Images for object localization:
►
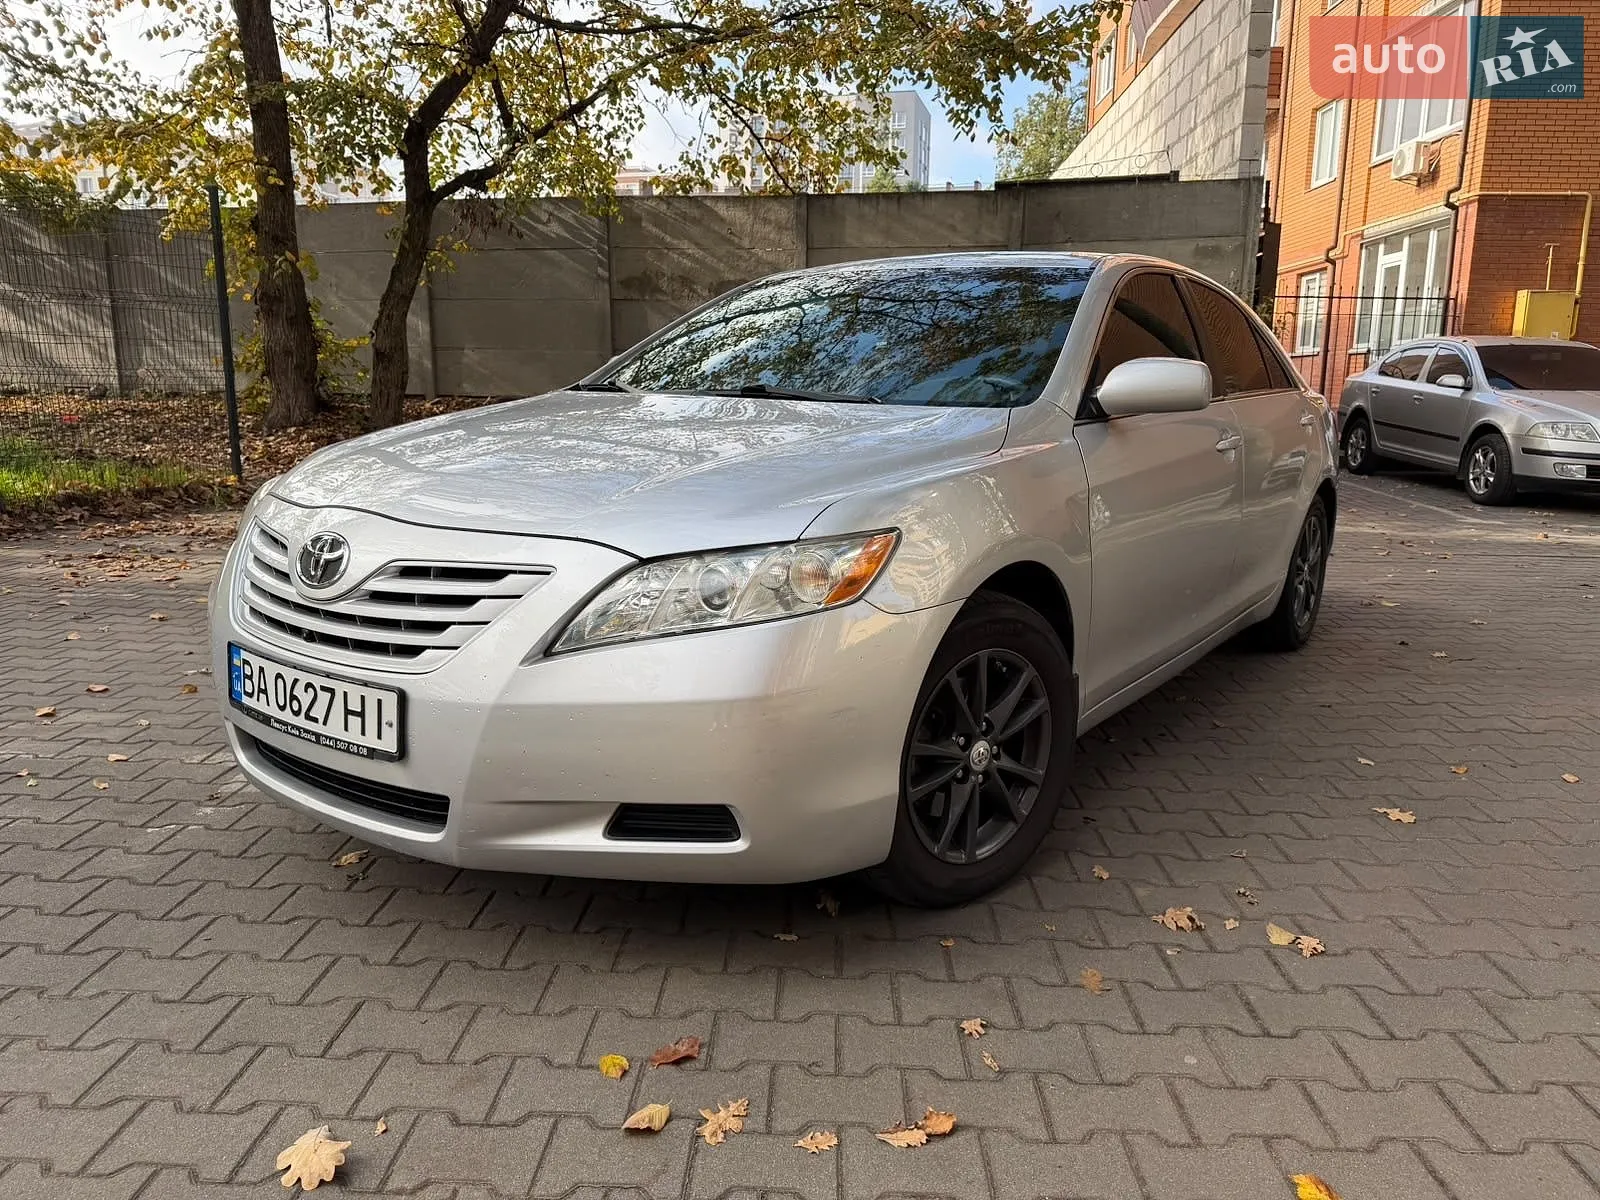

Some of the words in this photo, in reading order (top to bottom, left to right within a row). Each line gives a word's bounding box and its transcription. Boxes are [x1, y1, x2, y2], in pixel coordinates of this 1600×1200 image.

[242, 657, 270, 707] BA
[274, 672, 336, 727] 0627
[343, 690, 382, 740] HI
[320, 735, 335, 748] (044)
[336, 740, 348, 750] 507
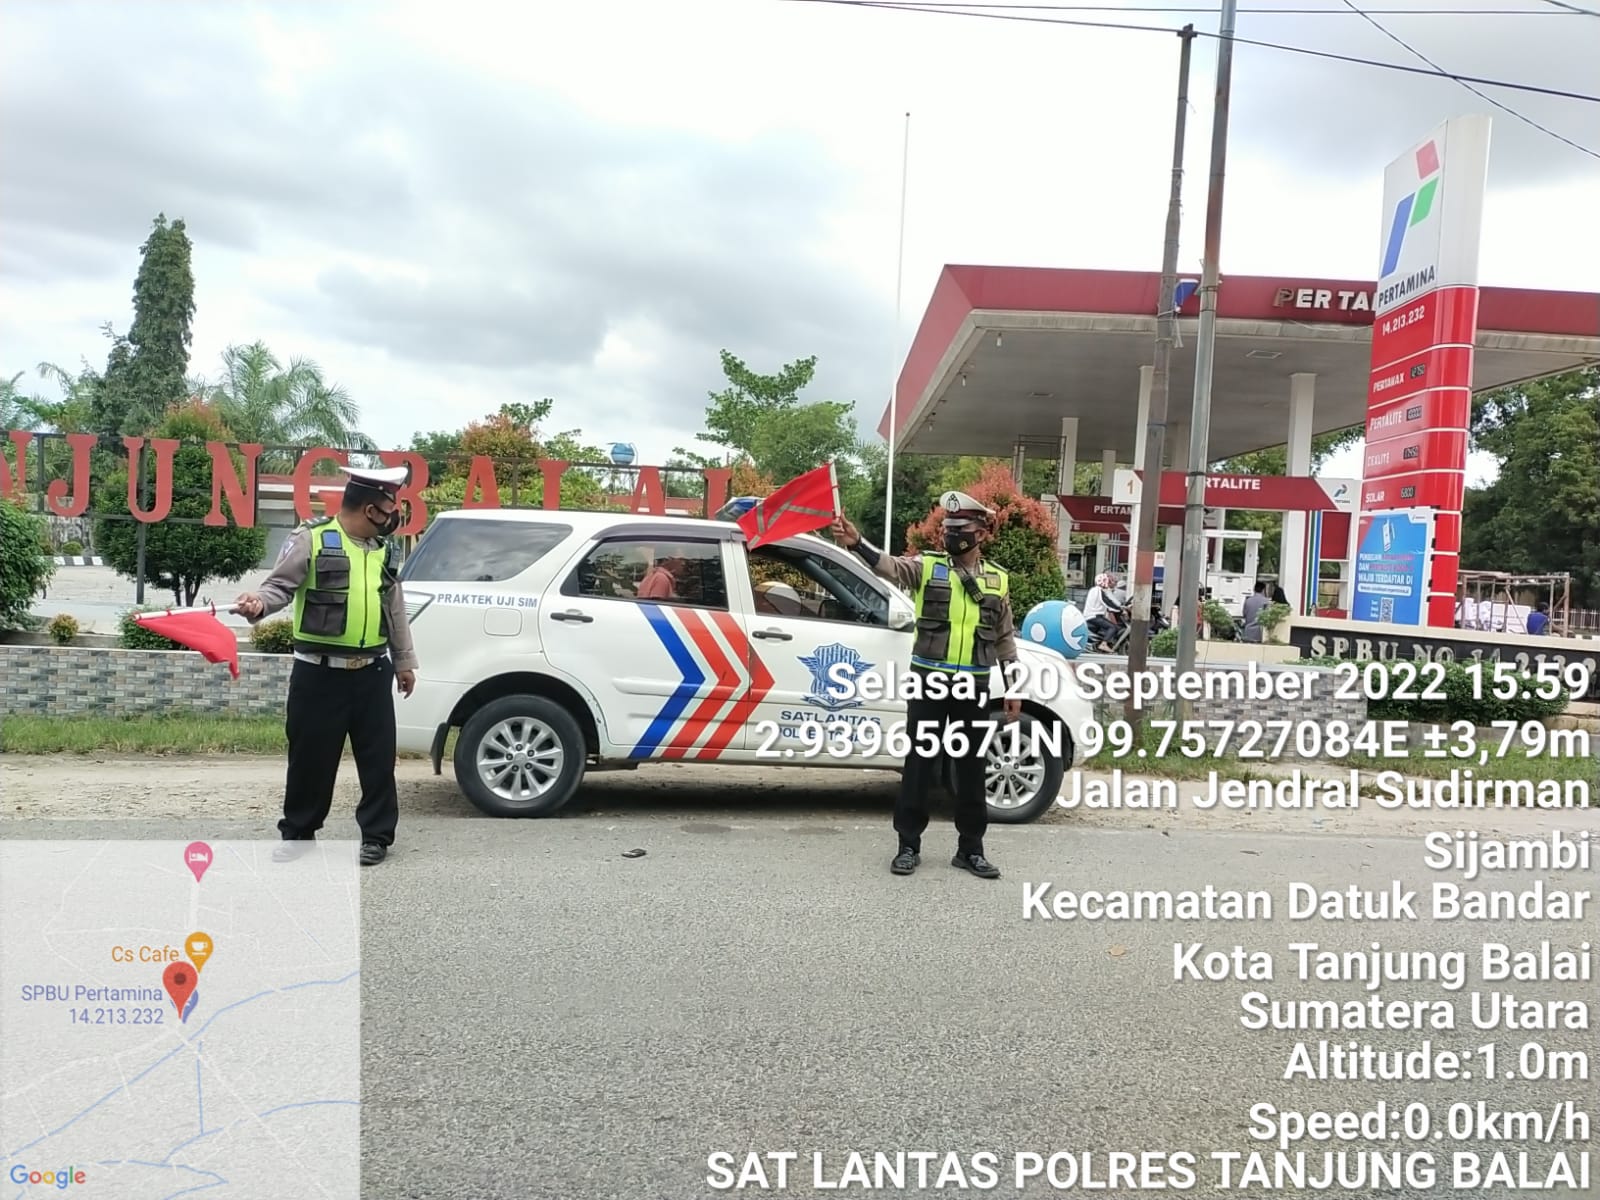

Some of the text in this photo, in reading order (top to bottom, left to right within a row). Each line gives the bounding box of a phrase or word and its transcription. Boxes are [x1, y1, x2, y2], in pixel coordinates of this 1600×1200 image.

[1377, 264, 1436, 308] PERTAMINA
[1382, 304, 1426, 337] 14.213.232
[1370, 410, 1402, 432] PERTALITE
[1127, 479, 1134, 495] 1
[1366, 487, 1414, 503] SOLAR 6800
[437, 593, 538, 608] PRAKTEK UJI SIM
[1310, 634, 1399, 661] SPBU
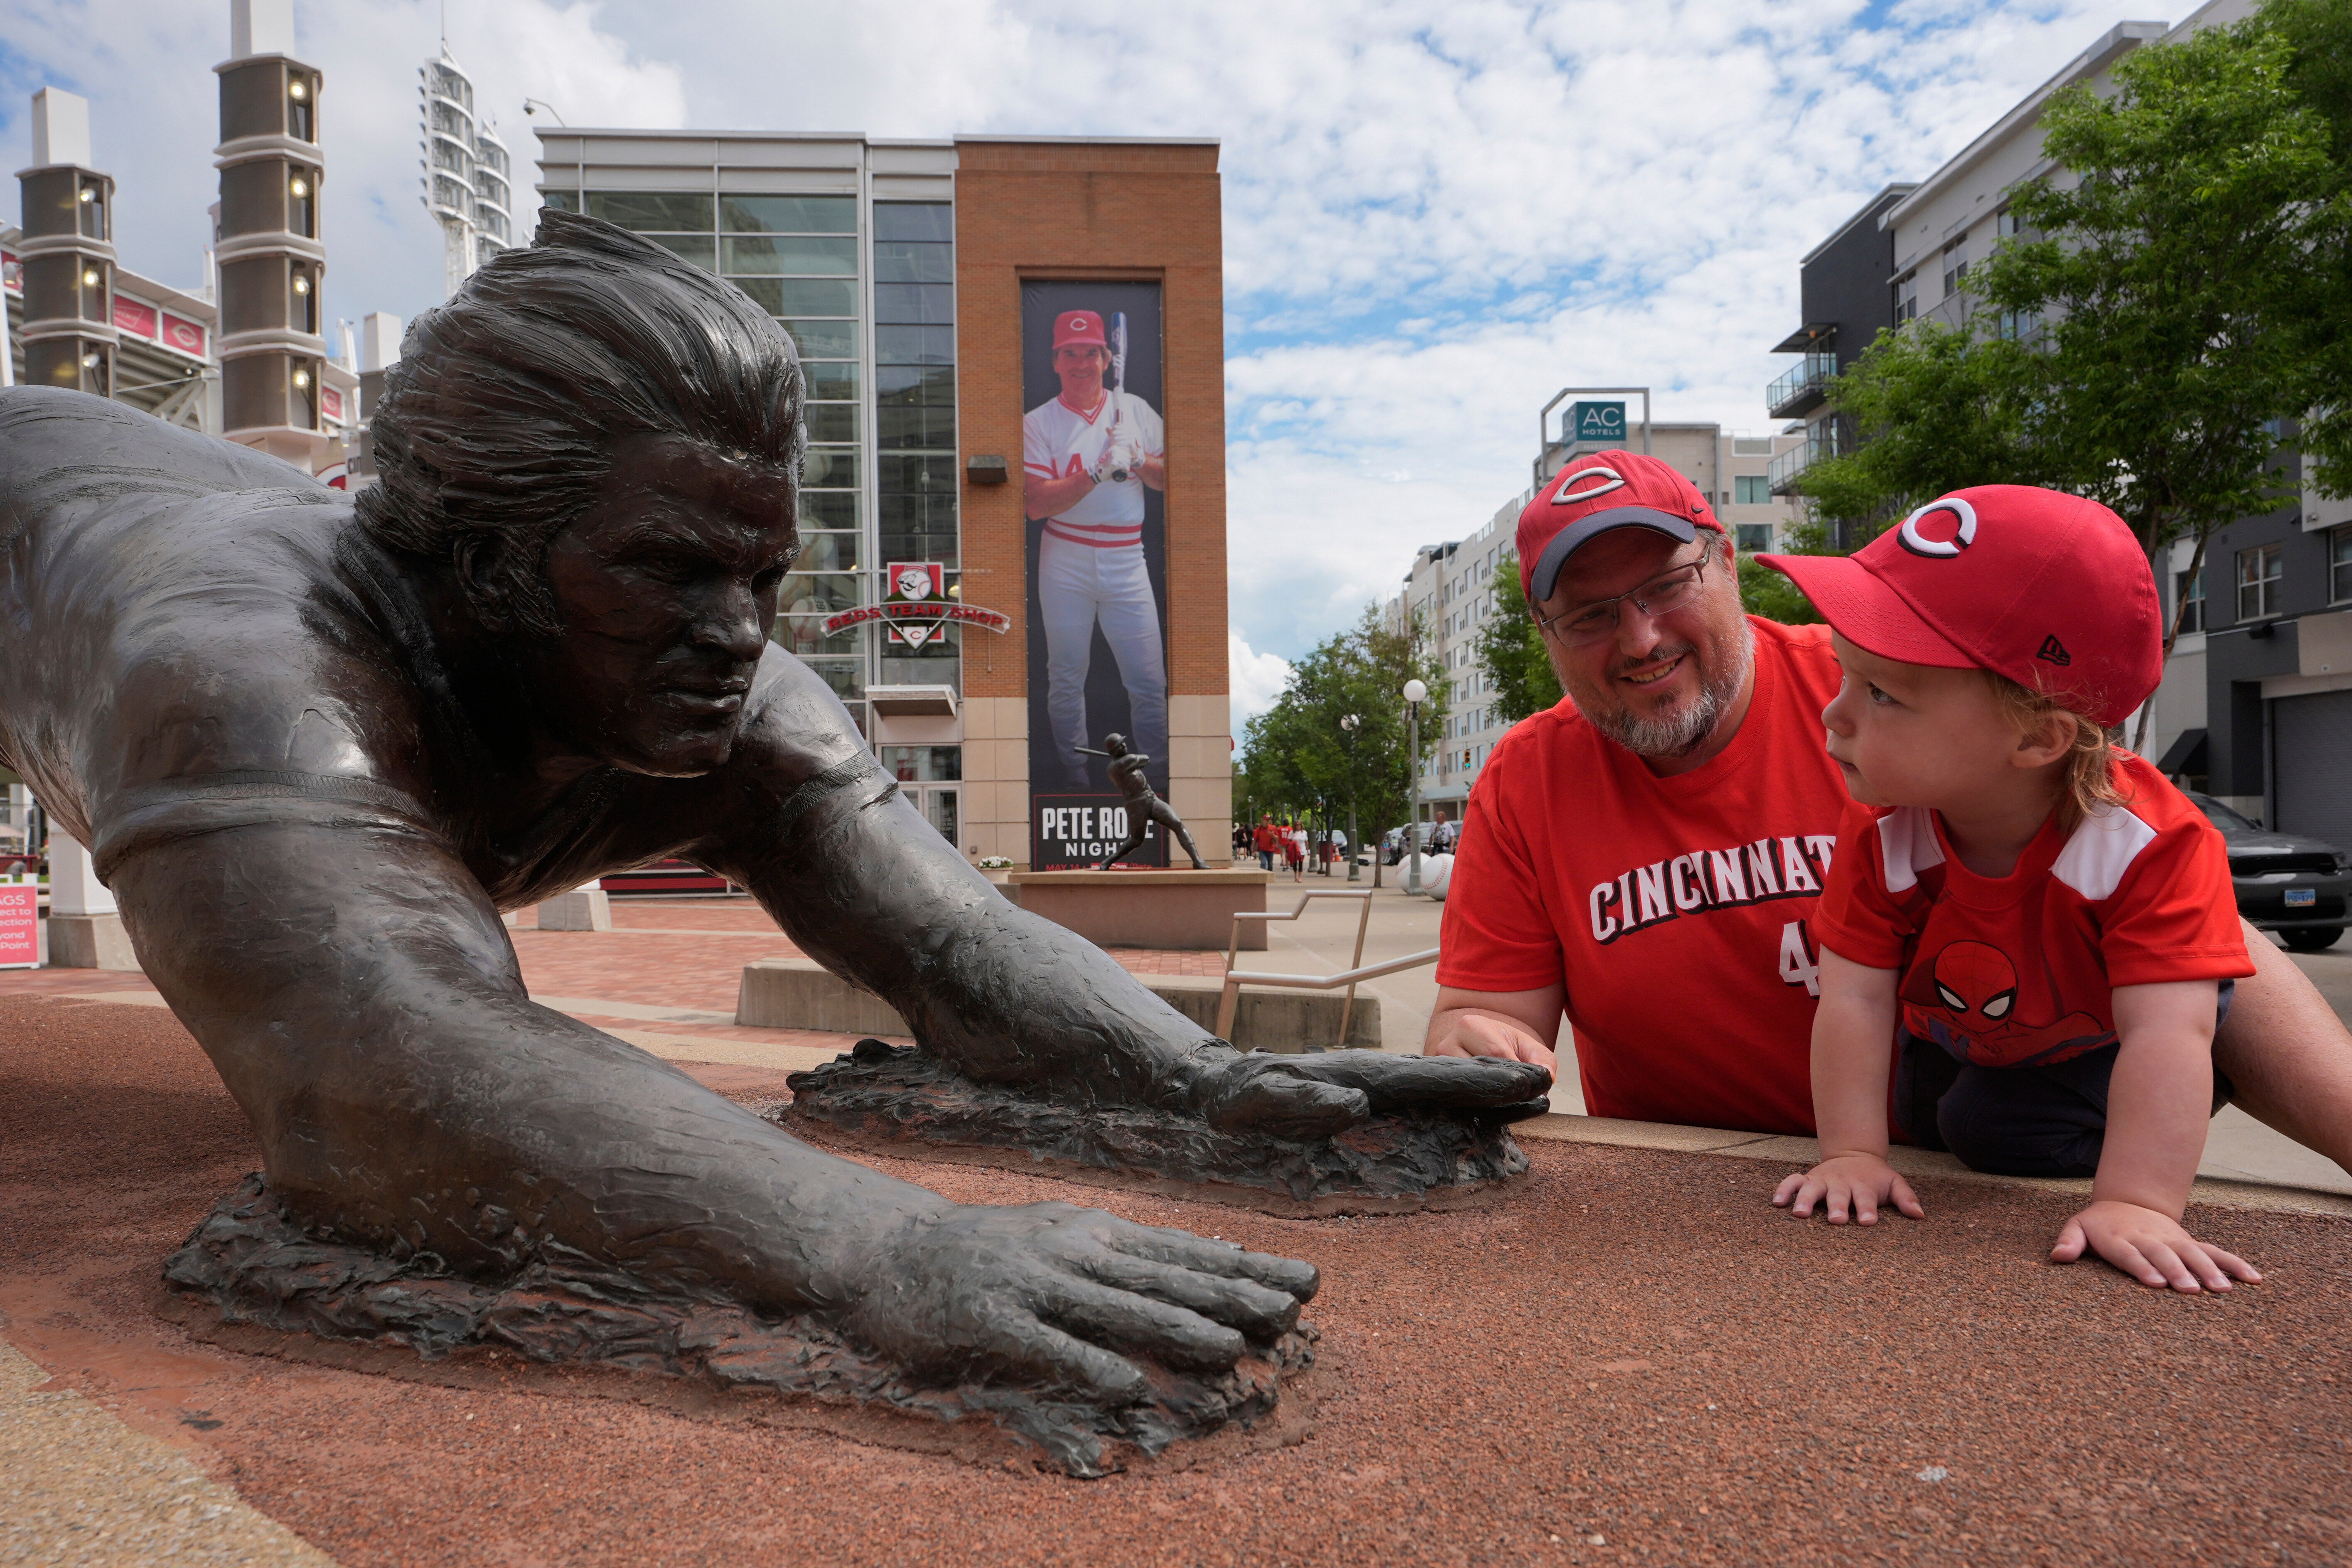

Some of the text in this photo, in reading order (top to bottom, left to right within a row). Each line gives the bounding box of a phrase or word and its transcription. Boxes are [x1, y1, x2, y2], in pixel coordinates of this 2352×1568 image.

[1583, 408, 1620, 427] AC
[1897, 498, 1977, 558] C
[827, 605, 1003, 630] REDS TEAM SHOP
[1042, 807, 1093, 840] PETE
[1066, 842, 1123, 856] NIGH
[0, 941, 30, 950] Point
◄
What is wanted is a word-for-word restatement of the entries, without their images.

PROBLEM SOLUTION »
Some of the words in this photo, in reading order (top to bottom, left to right within a row). Each line gives a word's bounding box and its transcription. Boxes are [x1, y1, x2, y2], in pixel coordinates of this 1600×1200 image.

[242, 657, 270, 707] BA
[274, 672, 336, 727] 0627
[343, 690, 382, 740] HI
[320, 735, 335, 748] (044)
[336, 740, 348, 750] 507

Some of the text in this photo, in reading order (top to bottom, left to right within a row). Each line gives the bounding box of a phrase or word and its transcription. Boxes are [x1, y1, x2, y2], in pixel coordinates of this 1600×1200 image.

[1377, 264, 1436, 308] PERTAMINA
[1382, 304, 1426, 337] 14.213.232
[1370, 410, 1402, 432] PERTALITE
[1127, 479, 1134, 495] 1
[1366, 487, 1414, 503] SOLAR 6800
[437, 593, 538, 608] PRAKTEK UJI SIM
[1310, 634, 1399, 661] SPBU

Some of the text in this photo, in reading order (top to bottom, left to right within a row). Each line gives the bounding box of a phrase or word and its transcription. Boxes are [x1, y1, x2, y2], in pixel coordinates of this 2352×1568 image.

[1583, 408, 1620, 427] AC
[1897, 498, 1977, 558] C
[827, 605, 1003, 630] REDS TEAM SHOP
[1042, 807, 1093, 840] PETE
[1066, 842, 1123, 856] NIGH
[0, 941, 30, 950] Point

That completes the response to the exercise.